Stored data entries
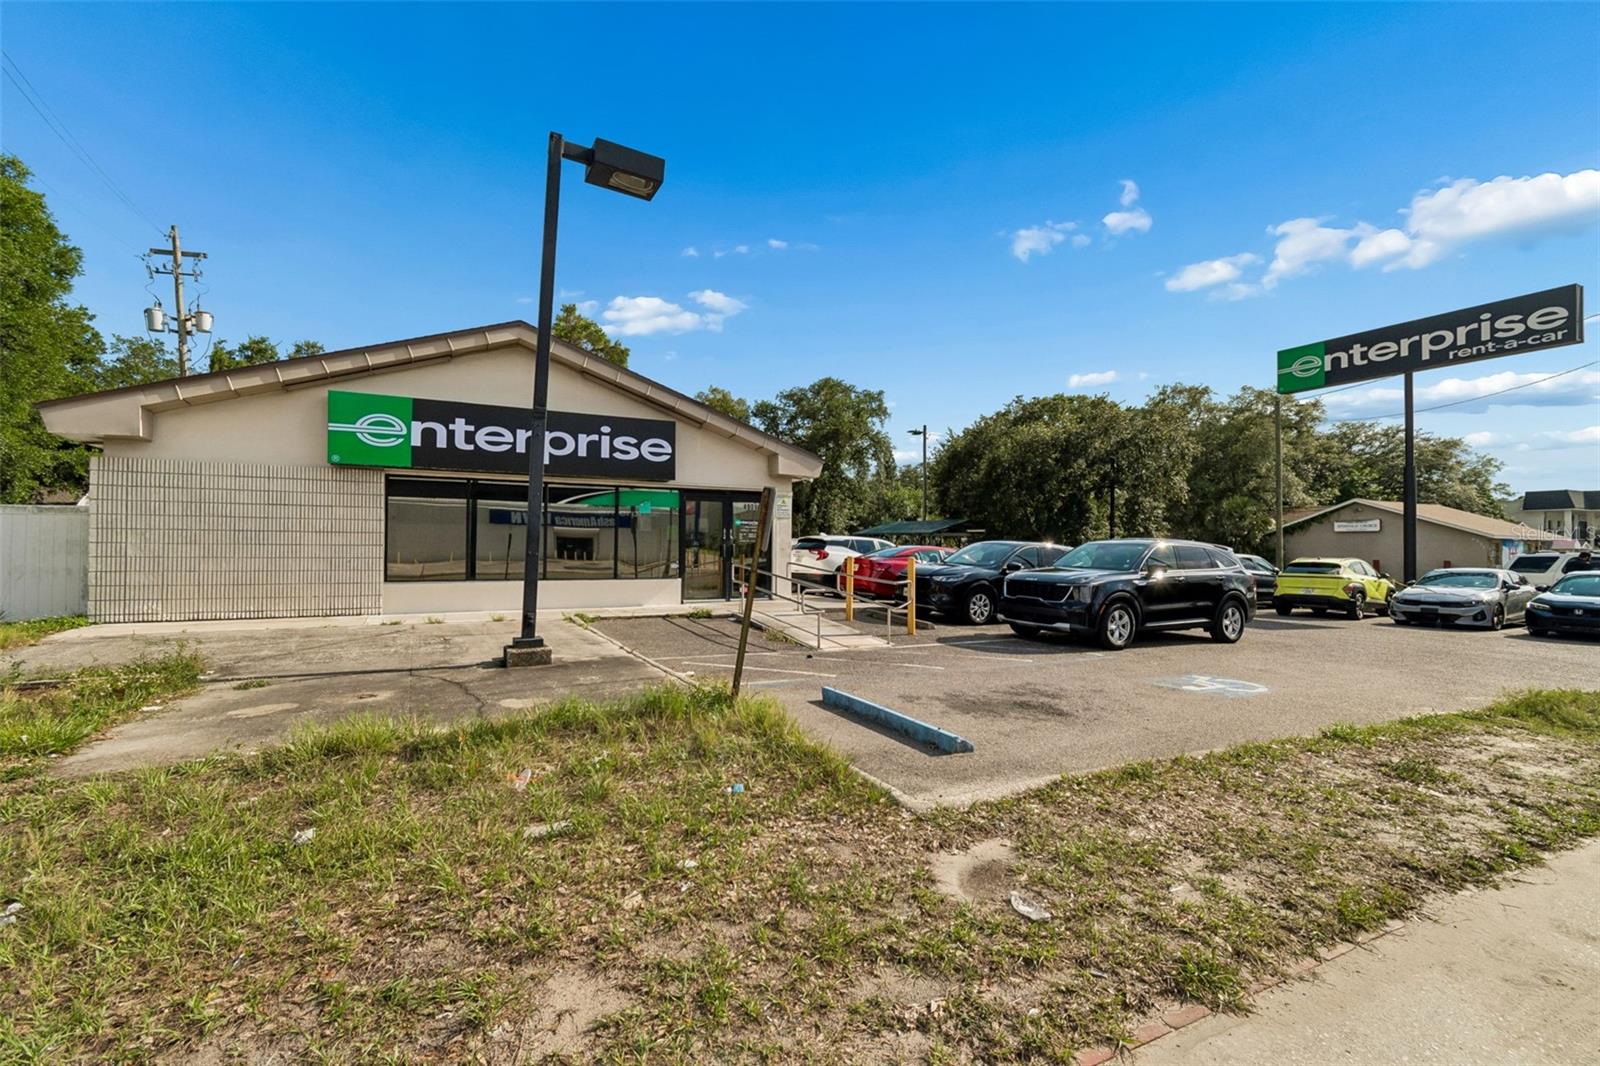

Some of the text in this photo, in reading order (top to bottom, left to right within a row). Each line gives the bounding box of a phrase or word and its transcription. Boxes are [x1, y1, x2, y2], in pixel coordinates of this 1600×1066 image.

[1278, 306, 1569, 378] enterprise
[1448, 327, 1568, 360] rent-a-car
[328, 412, 673, 464] enterprise
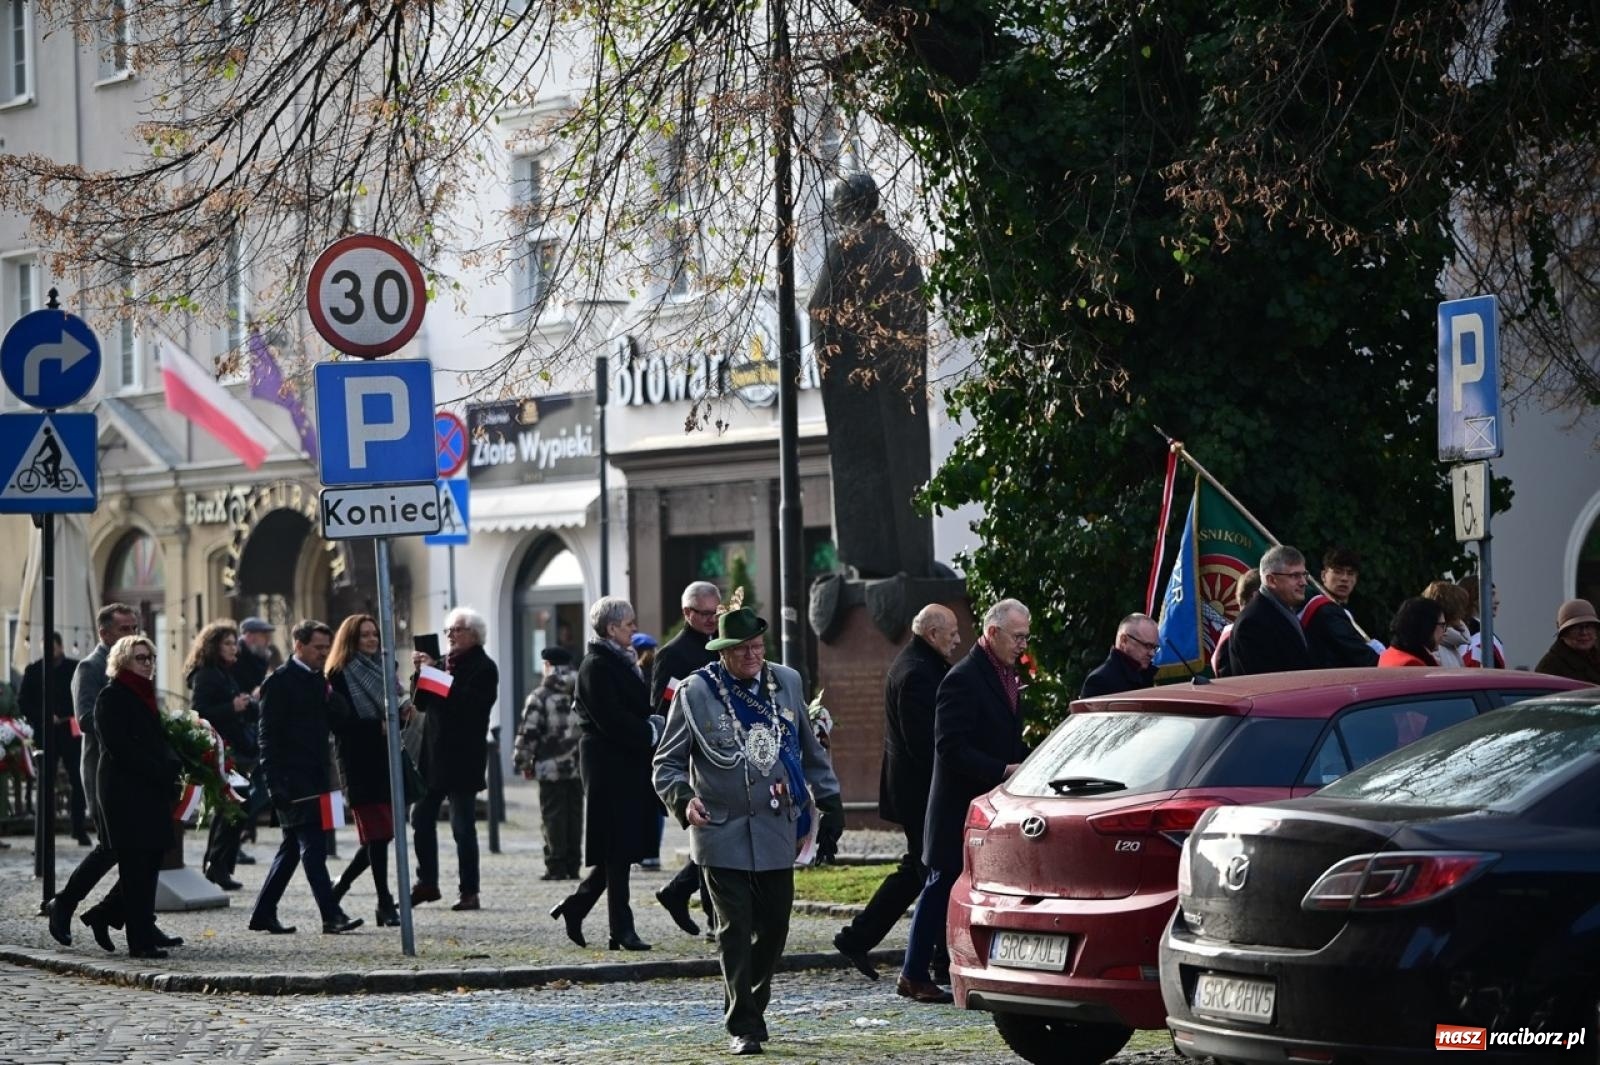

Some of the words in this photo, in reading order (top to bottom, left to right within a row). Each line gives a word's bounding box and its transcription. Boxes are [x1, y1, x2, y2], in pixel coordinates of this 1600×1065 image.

[329, 269, 409, 325] 30
[613, 335, 726, 406] Browar
[1451, 313, 1485, 412] P
[344, 375, 411, 469] P
[518, 424, 592, 470] Wypieki
[324, 495, 437, 527] Koniec
[999, 934, 1029, 961] SRC
[1202, 979, 1233, 1009] SRC
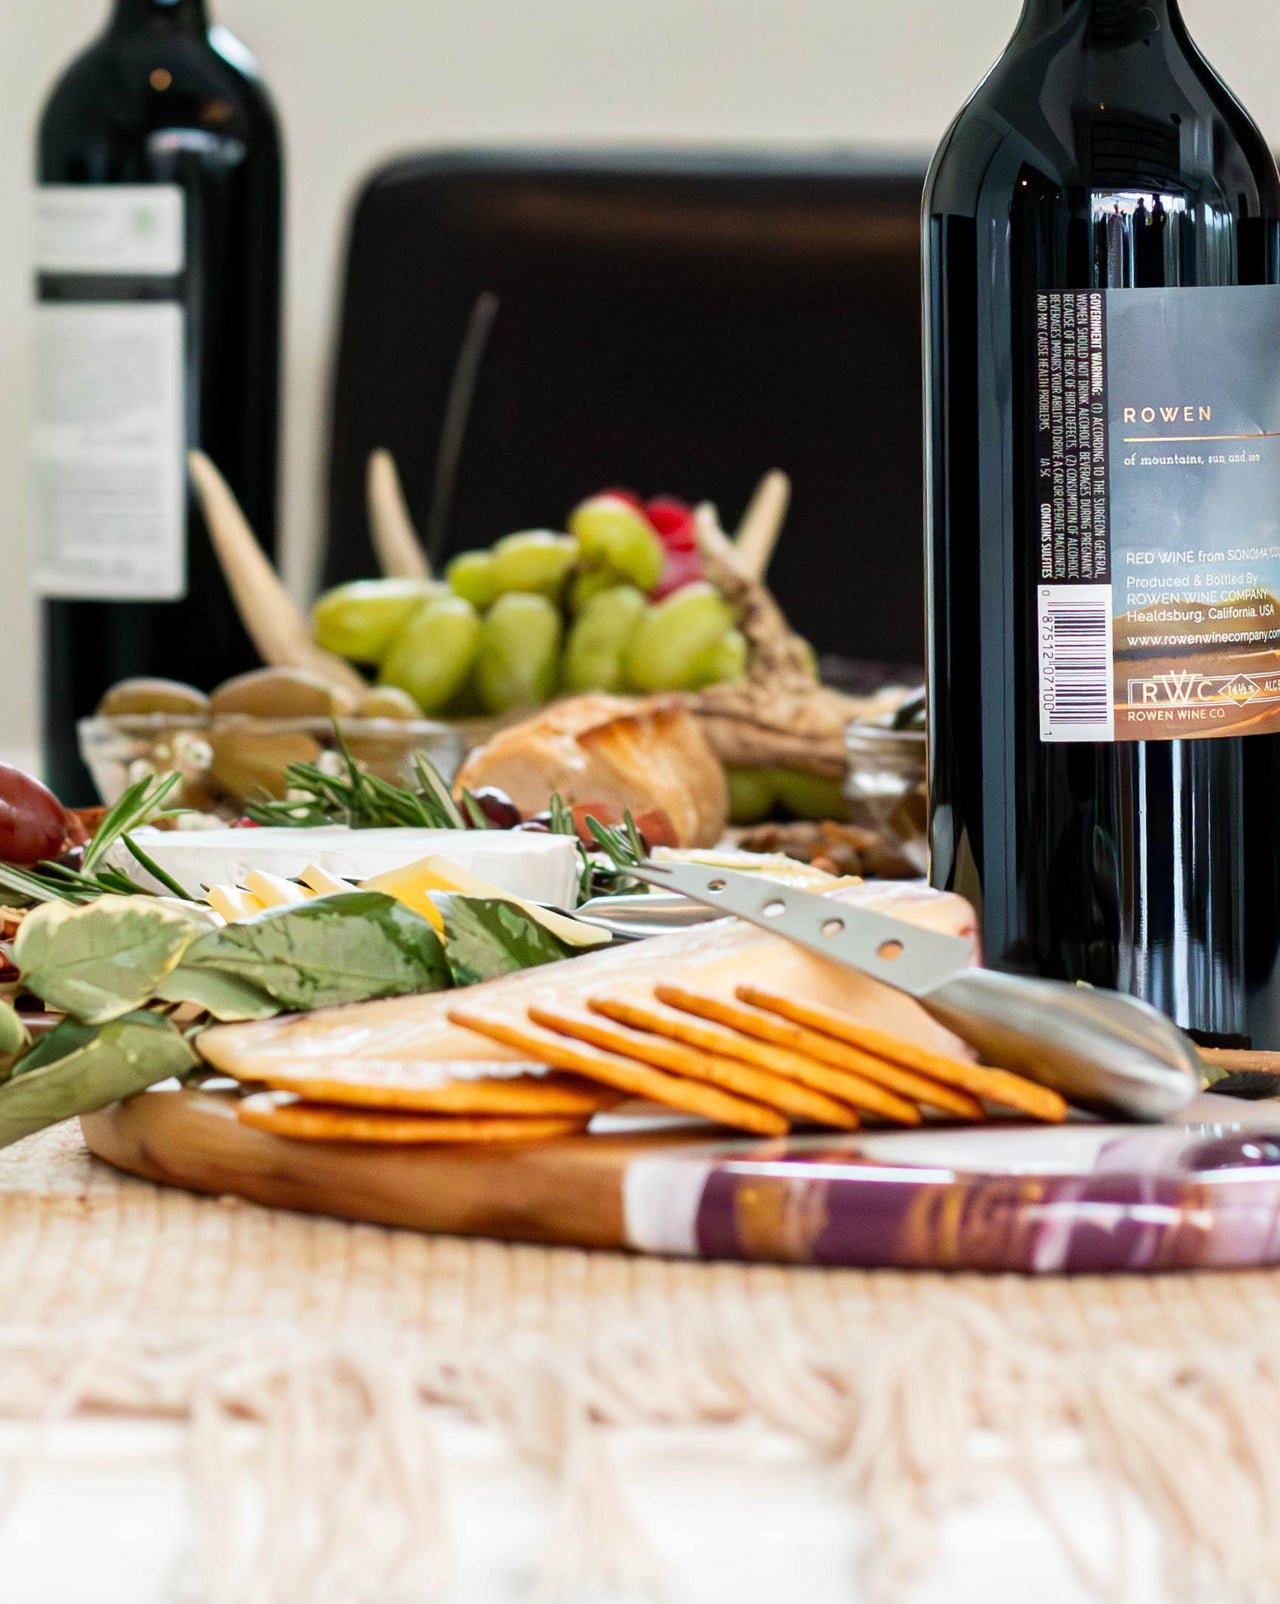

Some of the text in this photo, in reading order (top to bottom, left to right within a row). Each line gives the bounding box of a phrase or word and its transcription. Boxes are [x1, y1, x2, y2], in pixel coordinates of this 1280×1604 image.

[1037, 294, 1048, 311] AND
[1063, 293, 1074, 328] BECAUSE
[1037, 313, 1048, 330] MAY
[1050, 294, 1061, 338] BEVERAGES
[1090, 293, 1102, 349] GOVERNMENT
[1038, 332, 1048, 356] CAUSE
[1064, 330, 1075, 340] OF
[1051, 340, 1061, 371] IMPAIRS
[1064, 343, 1075, 356] THE
[1038, 358, 1049, 387] HEALTH
[1064, 359, 1075, 377] RISK
[1091, 352, 1103, 396] WARNING:
[1051, 372, 1062, 393] YOUR
[1065, 379, 1075, 389] OF
[1052, 395, 1062, 424] ABILITY
[1065, 392, 1076, 414] BIRTH
[1123, 405, 1211, 423] ROWEN
[1076, 293, 1092, 579] WOMEN SHOULD NOT DRINK ALCOHOLIC BEVERAGES DURING PREGNANCY
[1092, 417, 1105, 462] ACCORDING
[1052, 436, 1063, 459] DRIVE
[1124, 452, 1136, 466] of
[1140, 453, 1204, 466] mountains,
[1208, 454, 1226, 464] sun
[1228, 450, 1246, 463] and
[1065, 455, 1077, 466] (2)
[1093, 466, 1105, 476] TO
[1053, 468, 1063, 483] CAR
[1053, 486, 1064, 496] OR
[1066, 468, 1078, 523] CONSUMPTION
[1094, 480, 1105, 495] THE
[1041, 503, 1051, 541] CONTAINS
[1054, 498, 1064, 531] OPERATE
[1094, 498, 1106, 536] SURGEON
[1067, 526, 1078, 535] OF
[1041, 544, 1052, 578] SULFITES
[1067, 538, 1079, 579] ALCOHOLIC
[1094, 540, 1106, 579] GENERAL,
[1126, 552, 1155, 565] RED
[1158, 550, 1195, 563] WINE
[1198, 549, 1225, 562] from
[1126, 572, 1258, 588] Produced & Bottled By
[1126, 588, 1269, 605] ROWEN WINE COMPANY
[1259, 604, 1274, 617] USA
[1042, 615, 1054, 659] 87512
[1042, 666, 1055, 711] 07100
[1142, 669, 1214, 704] RWC
[1128, 710, 1174, 722] ROWEN
[1177, 709, 1206, 720] WINE
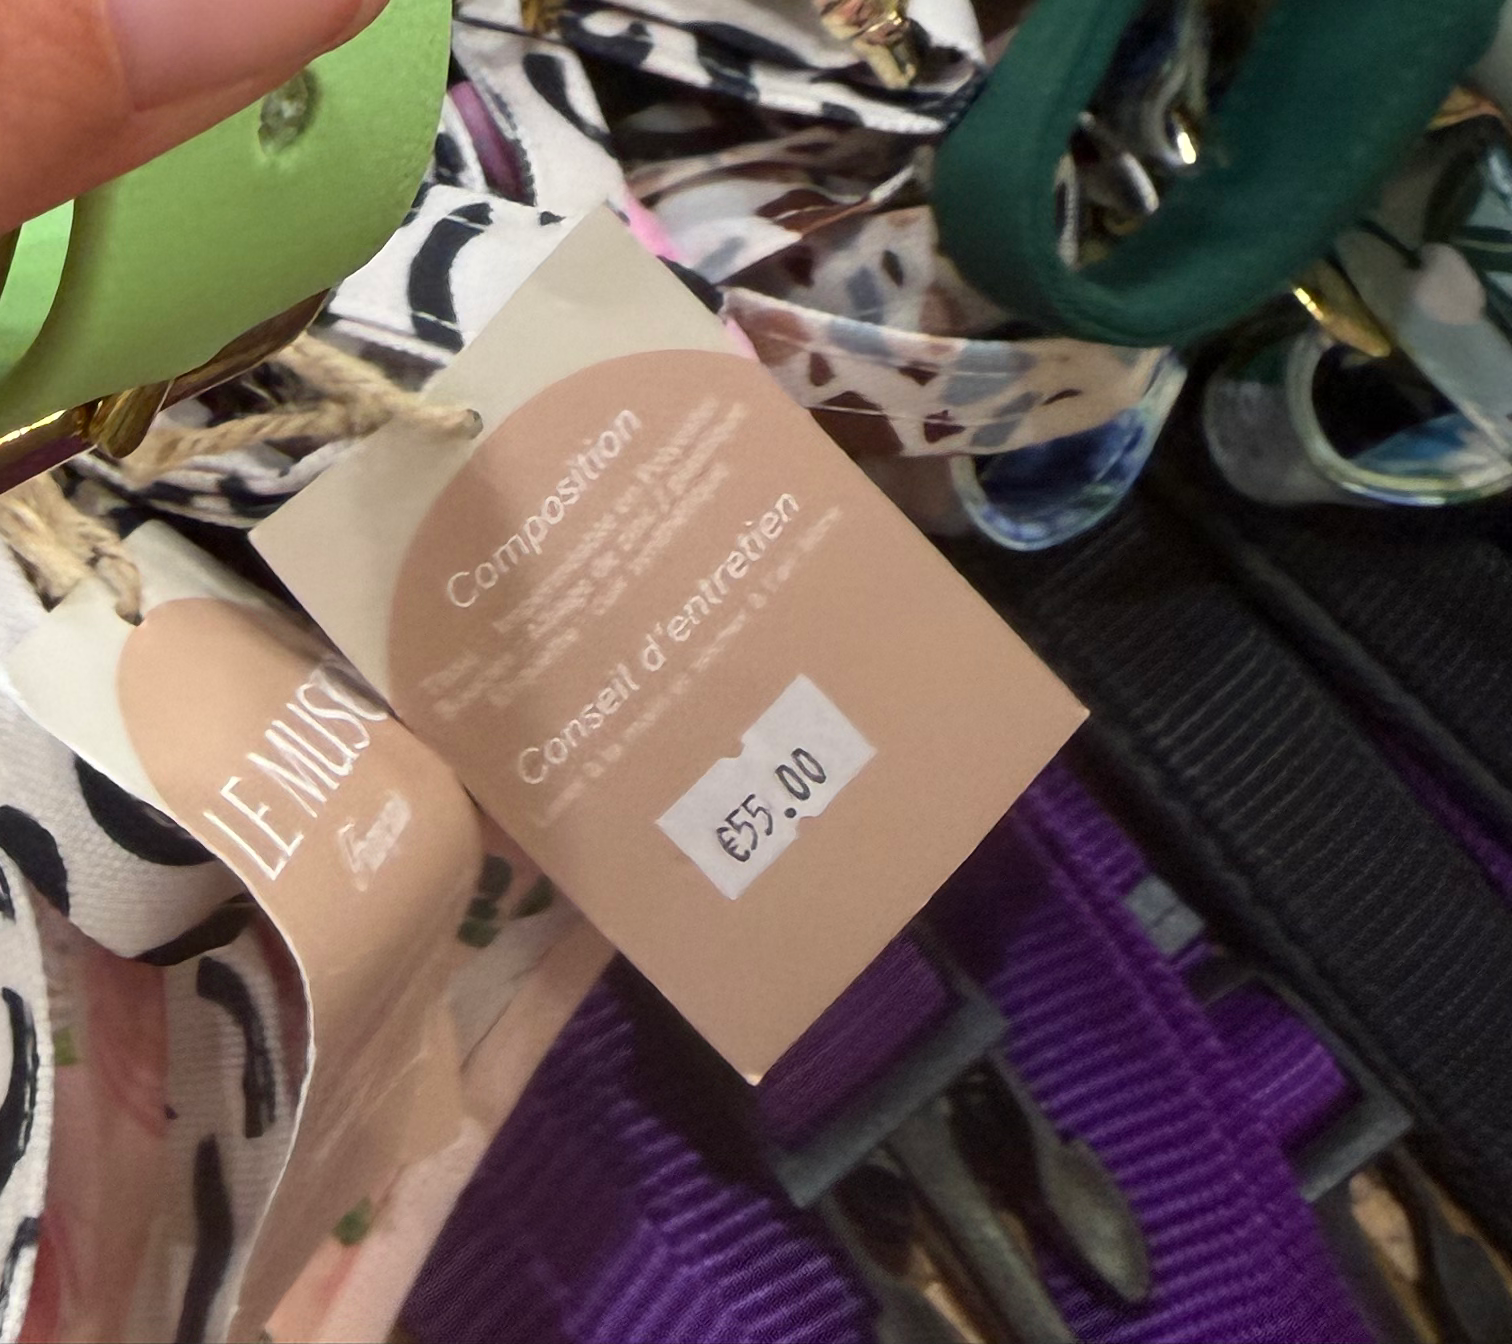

Your goal:
Leave out the pictures and transcribe the entries above exactly.

Answer section:
Some of the text in this photo, in reading order (top to bottom, left to right within a row). Each line gives the bounding box of a phrase or word and its transcription. Boxes are [x1, y1, x2, y2], in pixel coordinates of this 1600×1066 image.

[1278, 306, 1569, 378] enterprise
[1448, 327, 1568, 360] rent-a-car
[328, 412, 673, 464] enterprise

Some of the words in this photo, in reading order (top to bottom, left to right within a row). Each line gives a word's bounding box and its transcription. Boxes are [x1, y1, x2, y2], in pixel coordinates of this 1600×1065 image.

[329, 269, 409, 325] 30
[613, 335, 726, 406] Browar
[1451, 313, 1485, 412] P
[344, 375, 411, 469] P
[518, 424, 592, 470] Wypieki
[324, 495, 437, 527] Koniec
[999, 934, 1029, 961] SRC
[1202, 979, 1233, 1009] SRC

Some of the text in this photo, in reading order (top to bottom, left to right within a row). Each line gives the bounding box of a phrase or word and its transcription. Boxes are [x1, y1, x2, y2], in pixel coordinates of this 1280×1604 image.

[1037, 294, 1048, 311] AND
[1063, 293, 1074, 328] BECAUSE
[1037, 313, 1048, 330] MAY
[1050, 294, 1061, 338] BEVERAGES
[1090, 293, 1102, 349] GOVERNMENT
[1038, 332, 1048, 356] CAUSE
[1064, 330, 1075, 340] OF
[1051, 340, 1061, 371] IMPAIRS
[1064, 343, 1075, 356] THE
[1038, 358, 1049, 387] HEALTH
[1064, 359, 1075, 377] RISK
[1091, 352, 1103, 396] WARNING:
[1051, 372, 1062, 393] YOUR
[1065, 379, 1075, 389] OF
[1052, 395, 1062, 424] ABILITY
[1065, 392, 1076, 414] BIRTH
[1123, 405, 1211, 423] ROWEN
[1076, 293, 1092, 579] WOMEN SHOULD NOT DRINK ALCOHOLIC BEVERAGES DURING PREGNANCY
[1092, 417, 1105, 462] ACCORDING
[1052, 436, 1063, 459] DRIVE
[1124, 452, 1136, 466] of
[1140, 453, 1204, 466] mountains,
[1208, 454, 1226, 464] sun
[1228, 450, 1246, 463] and
[1065, 455, 1077, 466] (2)
[1093, 466, 1105, 476] TO
[1053, 468, 1063, 483] CAR
[1053, 486, 1064, 496] OR
[1066, 468, 1078, 523] CONSUMPTION
[1094, 480, 1105, 495] THE
[1041, 503, 1051, 541] CONTAINS
[1054, 498, 1064, 531] OPERATE
[1094, 498, 1106, 536] SURGEON
[1067, 526, 1078, 535] OF
[1041, 544, 1052, 578] SULFITES
[1067, 538, 1079, 579] ALCOHOLIC
[1094, 540, 1106, 579] GENERAL,
[1126, 552, 1155, 565] RED
[1158, 550, 1195, 563] WINE
[1198, 549, 1225, 562] from
[1126, 572, 1258, 588] Produced & Bottled By
[1126, 588, 1269, 605] ROWEN WINE COMPANY
[1259, 604, 1274, 617] USA
[1042, 615, 1054, 659] 87512
[1042, 666, 1055, 711] 07100
[1142, 669, 1214, 704] RWC
[1128, 710, 1174, 722] ROWEN
[1177, 709, 1206, 720] WINE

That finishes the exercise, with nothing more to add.